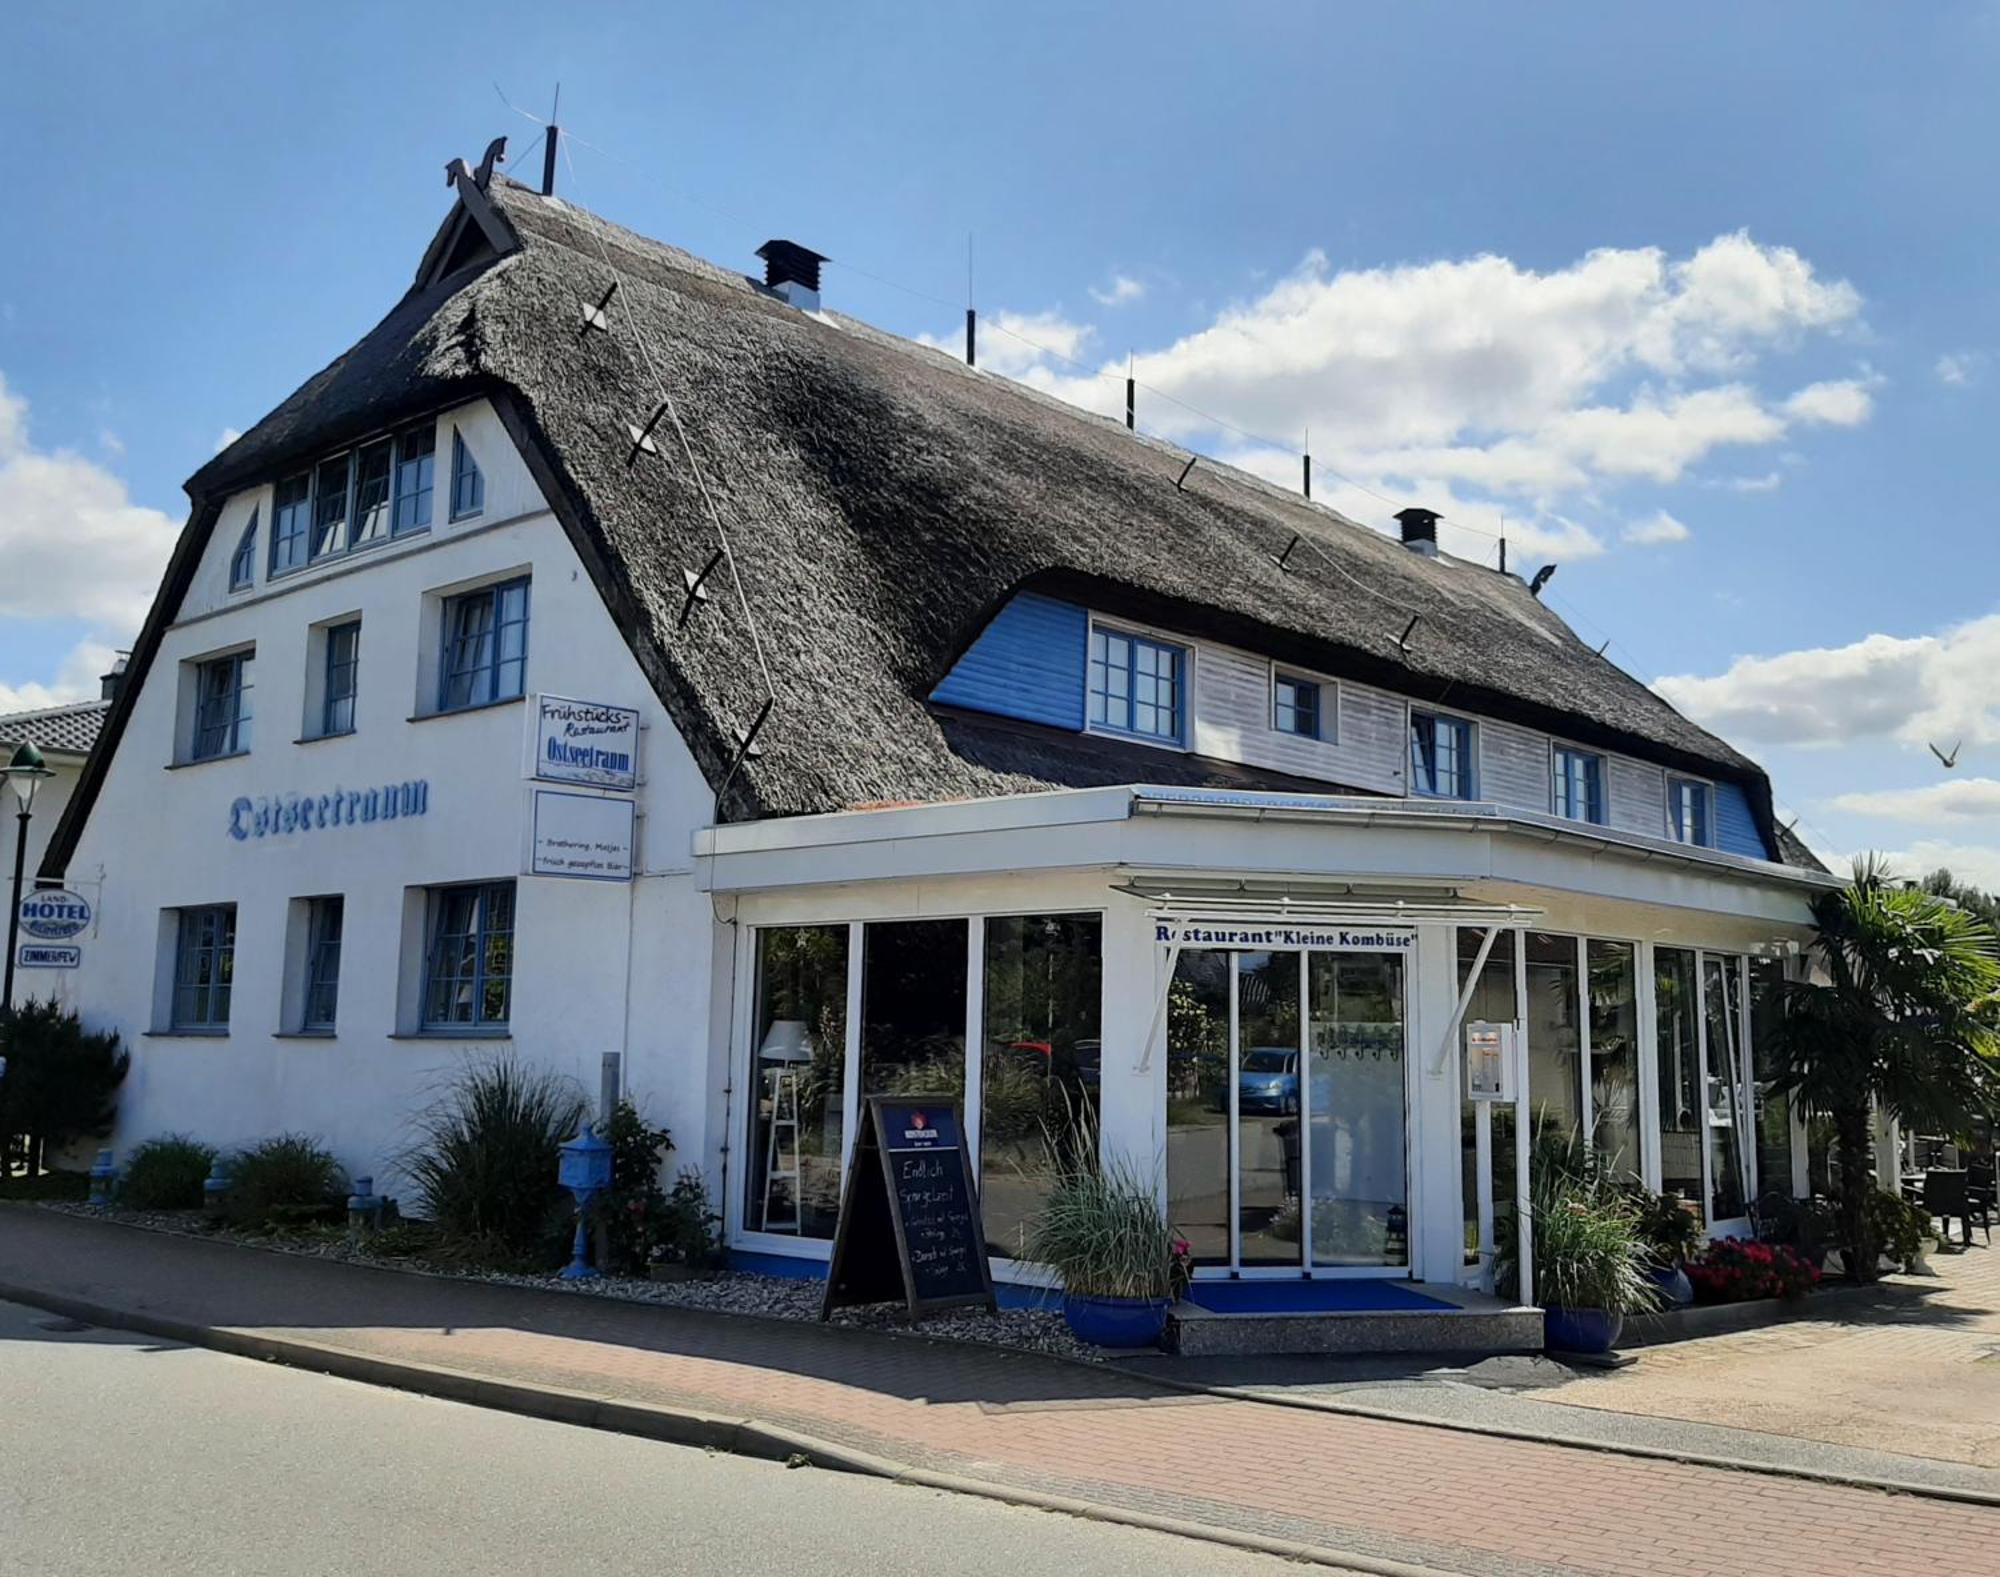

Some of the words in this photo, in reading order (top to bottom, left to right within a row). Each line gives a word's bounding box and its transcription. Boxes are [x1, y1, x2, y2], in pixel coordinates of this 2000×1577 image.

[541, 704, 630, 724] Frühstücks-
[564, 722, 630, 738] Restaurant
[547, 736, 629, 771] Ostseetraum
[227, 779, 429, 841] Ostseetraum
[22, 903, 89, 920] HOTEL
[1156, 925, 1273, 944] Rstaurant

PROBLEM REQUIREMENTS | Line by line, write out the data above exactly, without the pictures.

SOLVED PROBLEM |
Some of the words in this photo, in reading order (top to bottom, left to right within a row). Each line gives a word's bounding box and its transcription. Boxes are [x1, y1, x2, y2], in pixel coordinates of this 2000×1577 image.

[541, 704, 630, 724] Frühstücks-
[564, 722, 630, 738] Restaurant
[547, 736, 629, 771] Ostseetraum
[227, 779, 429, 841] Ostseetraum
[22, 903, 89, 920] HOTEL
[1156, 925, 1273, 944] Rstaurant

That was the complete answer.